Вернувшись из Италии, Сартр с отвращением читал французскую коммунистическую прессу. По поводу Венгрии «Либерасьон» говорила о «фашистском путче», Андре Стиль называл рабочих Будапешта «отребьем свергнутых классов», а Ив Моро — «версальцами». В интервью журналу «Экспресс» Сартр безоговорочно осудил советскую агрессию; он сказал, что с сожалением, но полностью порывает со своими советскими друзьями и еще более бесповоротно — с руководителями французской компартии. А ведь Сартр на протяжении многих лет прилагал столько усилий, чтобы прийти к согласию с ними! И тем не менее он ни минуты не колебался: против русского вторжения следовало выступить во имя того самого социализма, который оно якобы призвано защитить. Вместе с ним и другими писателями я подписала протест против русского вмешательства, который был опубликован в «Обсерватёр». Нас выводили из себя лживые заявления «Юманите», представлявшей линчеванных полицейских рабочими, ставшими жертвами фашистов. Но, с другой стороны, нас прямо-таки восхищал благородный интернационализм наших шовинистов: раз русские танки стреляли в венгерских рабочих, они предлагали запретить французскую компартию. Незапятнанные поборники справедливости — залитые алжирской кровью — произносили высокие фразы о праве народов распоряжаться своею судьбой, а в поддержку они подожгли штаб-квартиру компартии и напали на здание «Юманите». Будапешт — какая удача для правых сил! Эволюция СССР и польский октябрь притупили их оружие, зато теперь им дали взамен новое. И они им пользуются. Когда Мальро спрашивают, не сожалеет ли он, что предал «Удел человеческий», в ответ он говорит одно: Будапешт.
Нет, венгерские трудящиеся не были «версальцами», но ведь именно на контрреволюцию рассчитывали правые, когда «Радио-Эроп-либр» поддерживало восставших. Существовала ли такая возможность? Но поскольку мы считали, что социализм, даже в искаженном, нечистом виде, является сегодня единственным шансом людей, как тогда оценить советский ответный удар?

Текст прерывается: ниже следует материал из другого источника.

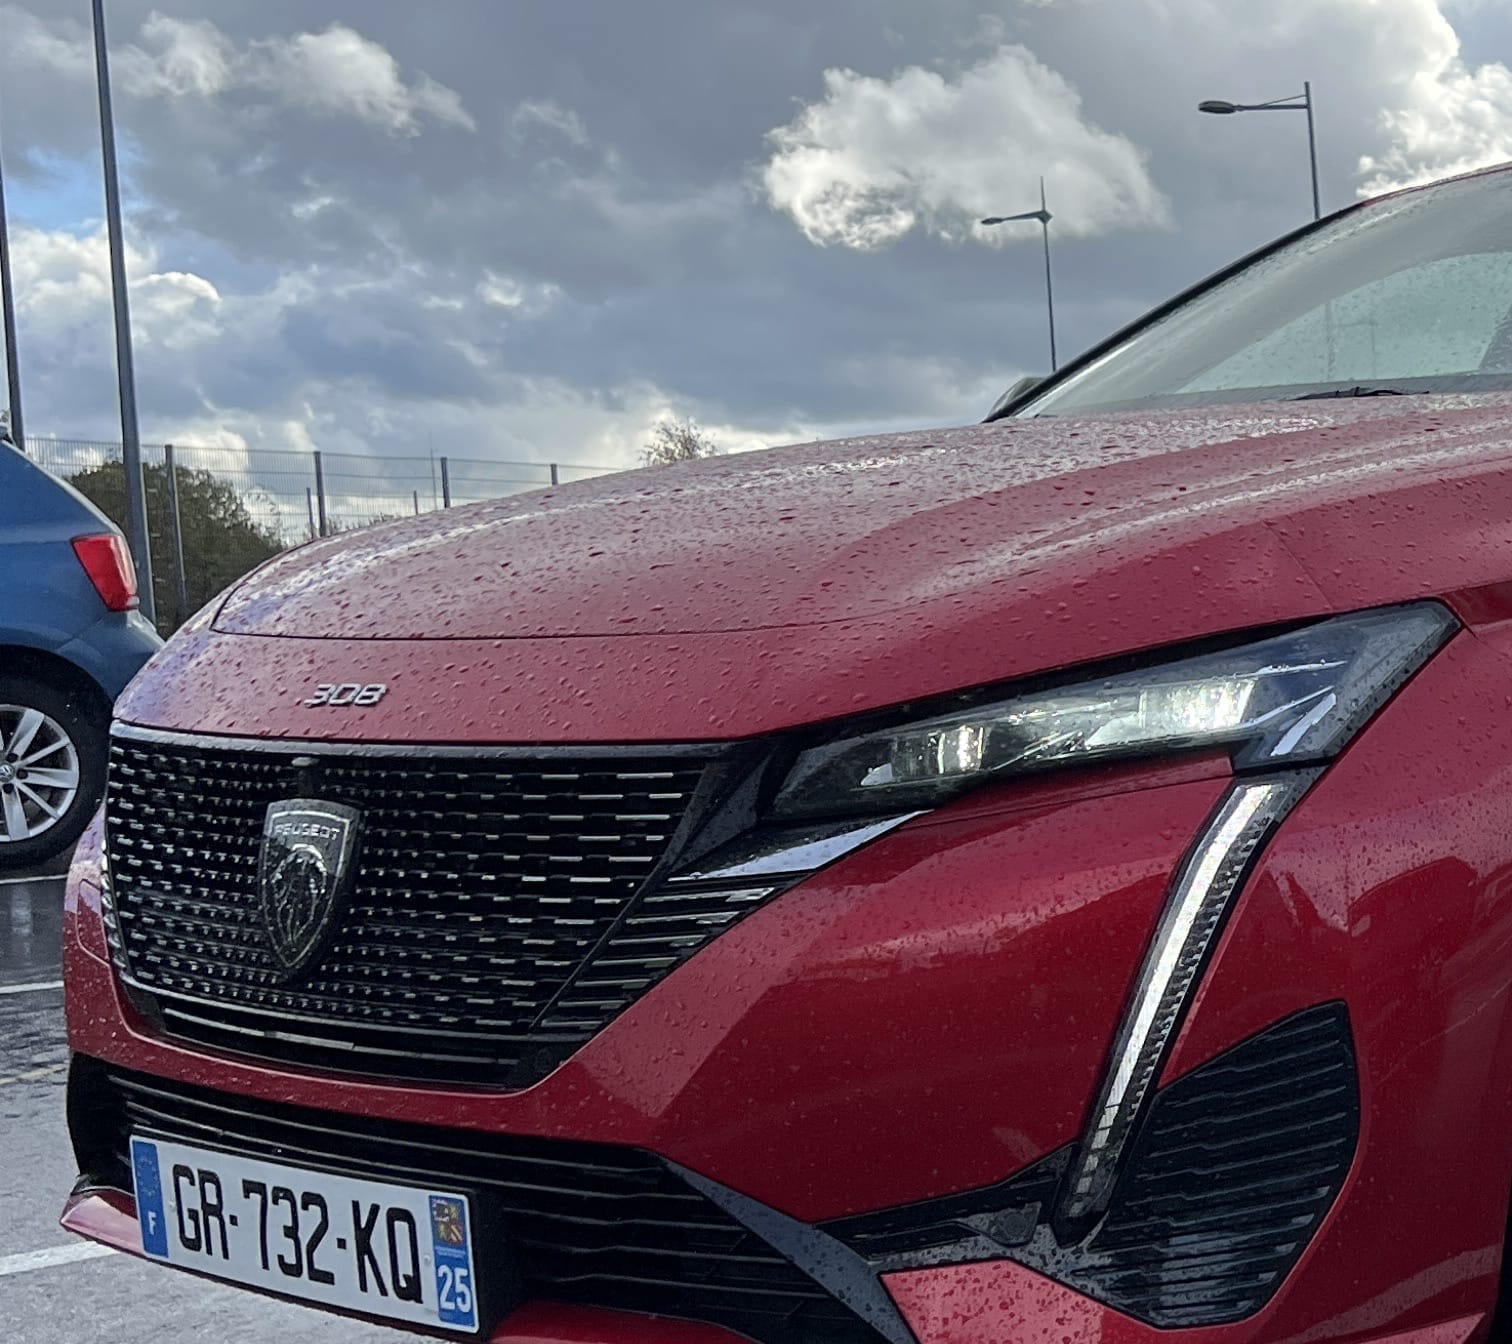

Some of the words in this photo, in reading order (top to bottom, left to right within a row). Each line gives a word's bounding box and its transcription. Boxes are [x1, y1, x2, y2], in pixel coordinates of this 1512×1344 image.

[304, 683, 387, 706] 308
[274, 823, 341, 840] PEUGEOT
[148, 1211, 157, 1236] F
[172, 1164, 424, 1305] GR-732-KQ
[437, 1264, 471, 1313] 25
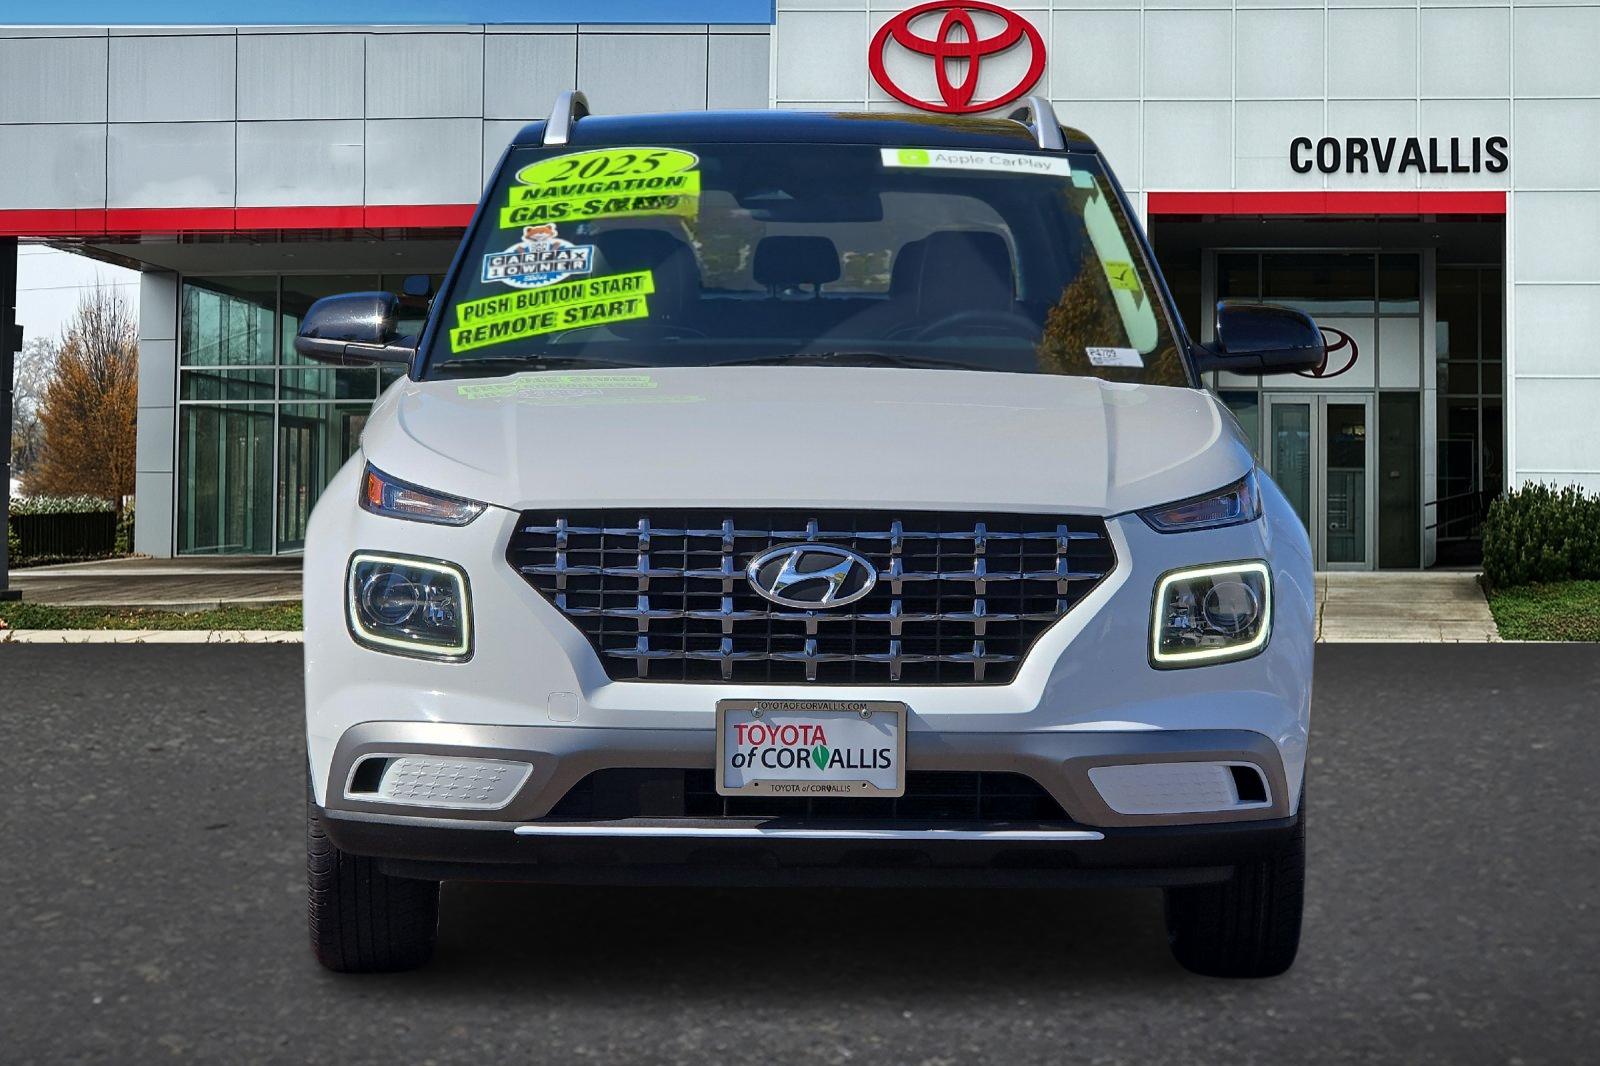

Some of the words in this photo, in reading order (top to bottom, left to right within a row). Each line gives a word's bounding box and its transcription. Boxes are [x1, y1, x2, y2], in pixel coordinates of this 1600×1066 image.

Коммунистическая пресса упорствовала в своей лжи. Правда, некоторые из партийных интеллектуалов более или менее осторожно высказали свое неодобрение. Роллан был исключен. Клод Руа, Морган, Вайян получили предупреждение. В бюро Национального комитета писателей, куда входил и Сартр, произошло яростное столкновение между Арагоном и Луи де Вилльосом, который вместе с несколькими другими сочувствующими ушел из Комитета. Веркор и Сартр посчитали необходимым остаться, однако текст, который в конце концов Арагон представил на подпись, показался им несостоятельным. Комитет интеллектуалов сотрясали жестокие споры. Кое-кто из его членов, в особенности бывшие коммунисты, хотели навязать резолюцию, решительно осуждавшую СССР; это привело бы к изгнанию коммунистов из Комитета. Другие полагали, что для нас, французов, основной задачей остается мир в Алжире и что не следует вносить раскол: такова была позиция всех моих друзей, и Ланзманн отстоял ее.
В январе «Тан модерн» выпустил специальный номер, посвященный Венгрии. Свою позицию Сартр разъяснил в работе «Призрак Сталина»:
Сартр никогда не переставал требовать живого марксизма; участились встречи между ним и оппозиционными коммунистами. Но даже с ортодоксальными коммунистами, даже с СССР отношения не были порваны, так же как с Движением сторонников мира. Сартр узнал, что «Почтительная потаскушка» по-прежнему идет в Москве, ее играли в Чехословакии и даже, чуть позже, в Венгрии. До весны 1957 года Сартр дважды встречался с Эренбургом, и, хотя никто из них не изменил своих позиций, между ними происходили сердечные беседы. Верные духу XX съезда и к тому же довольно ловкие, русские решили не отталкивать от себя симпатизирующих, которые отказались принять Будапешт: Вер-кор, один из тех, кто выразил протест, посетил в 1957 году СССР. Это было важное новшество: теперь стало возможно критиковать по отдельным вопросам Советский Союз без того, чтобы тебя сочли предателем. Такая умеренность позволила нам продолжить совместную работу с французской компартией по самому жгучему для нас вопросу: Алжиру.